> _Given information_:
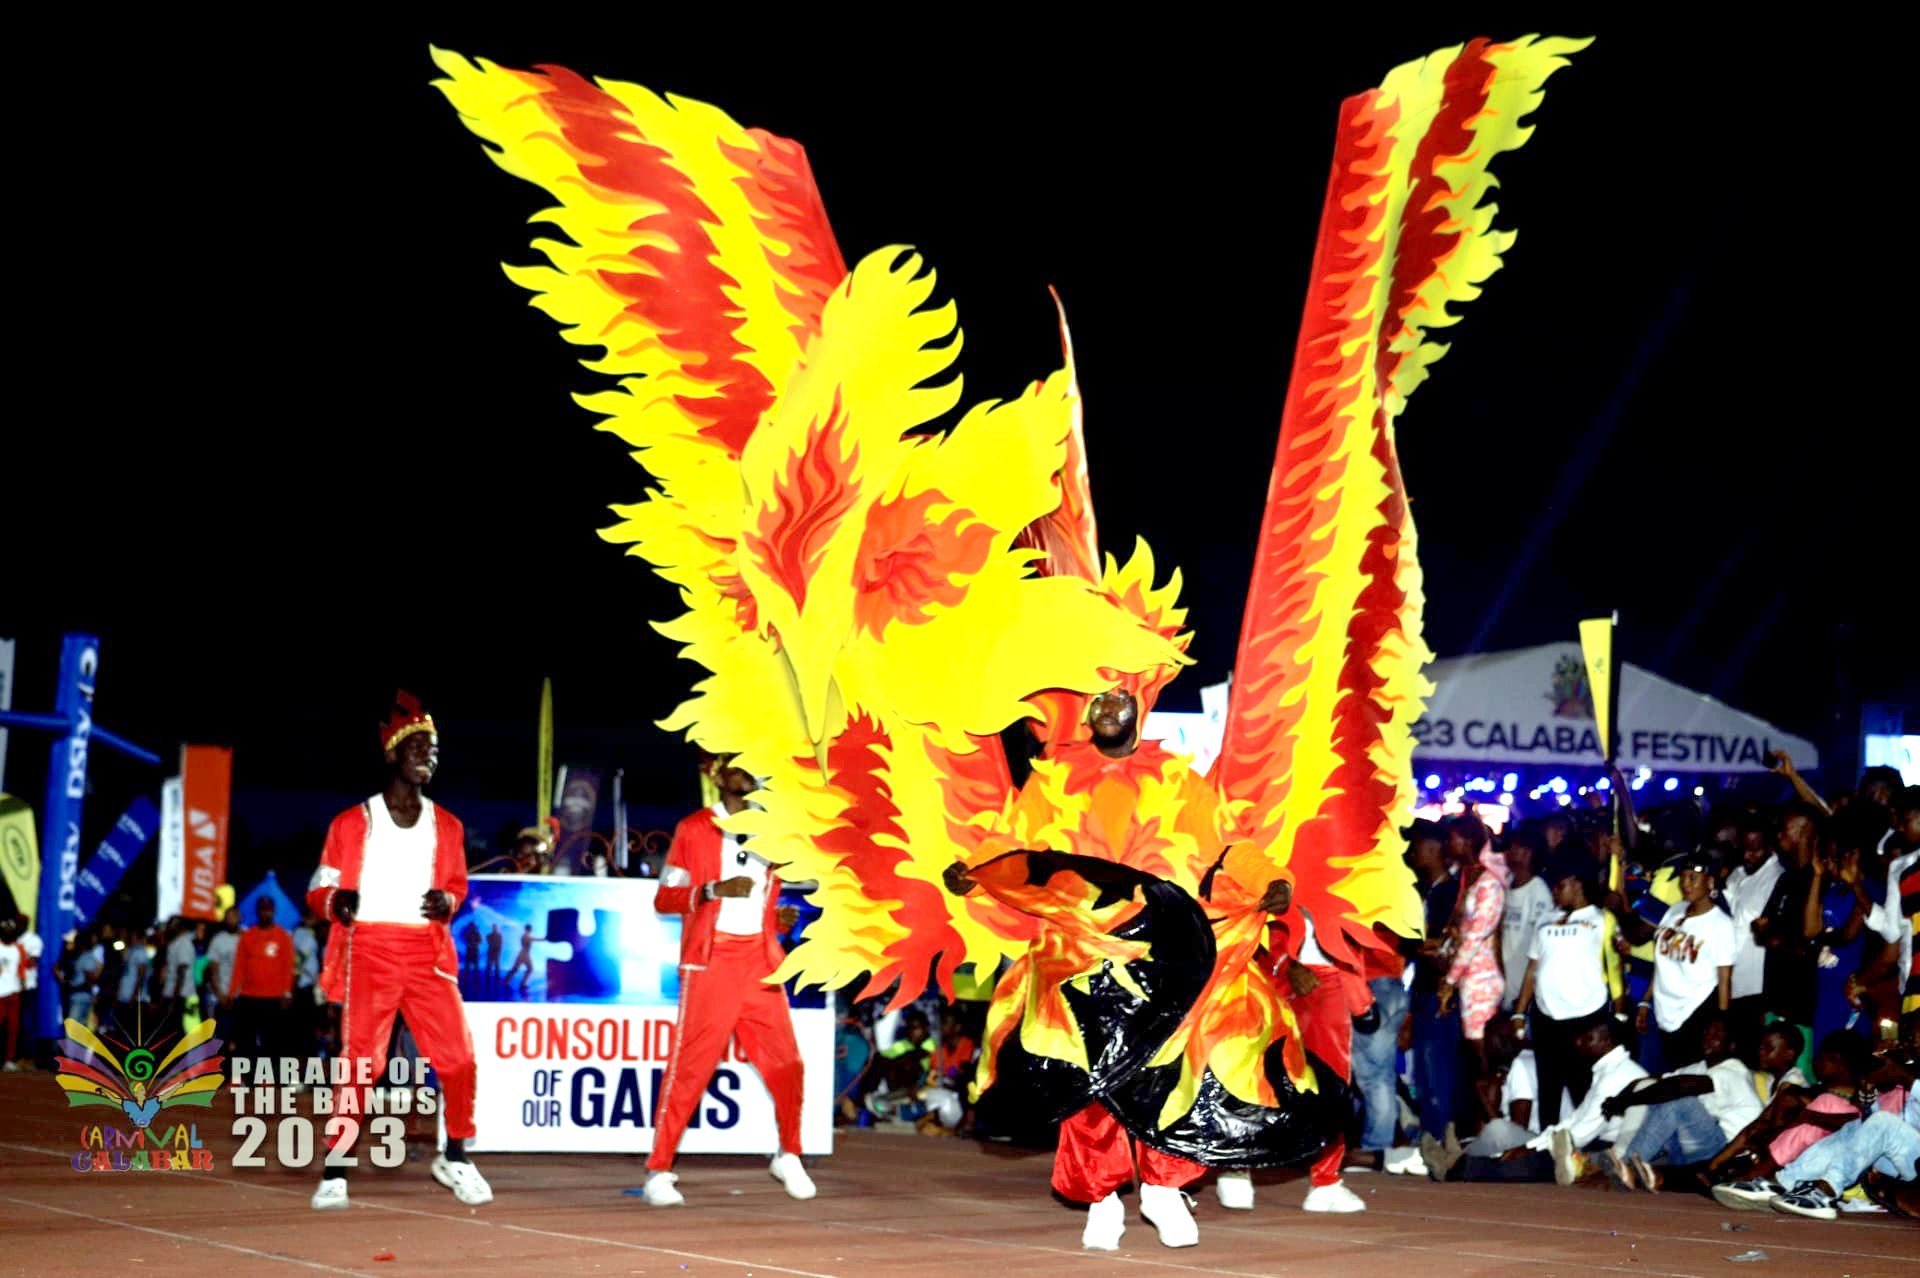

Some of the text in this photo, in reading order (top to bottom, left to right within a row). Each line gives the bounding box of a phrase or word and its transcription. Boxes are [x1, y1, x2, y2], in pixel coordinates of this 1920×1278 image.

[1463, 719, 1622, 759] CALABA
[191, 845, 216, 911] UBA
[495, 1017, 749, 1063] CONSOLID
[533, 1070, 563, 1097] OF
[522, 1100, 561, 1127] OUR

> _What you should do_: Give back all of the data exactly, but not the pictures.

> _Answer section_:
Some of the text in this photo, in reading order (top to bottom, left to right within a row). Each line gives the bounding box of a phrase or word and its transcription. Boxes are [x1, y1, x2, y2], in pixel coordinates of this 1920×1278 image.

[1463, 719, 1622, 759] CALABA
[191, 845, 216, 911] UBA
[495, 1017, 749, 1063] CONSOLID
[533, 1070, 563, 1097] OF
[522, 1100, 561, 1127] OUR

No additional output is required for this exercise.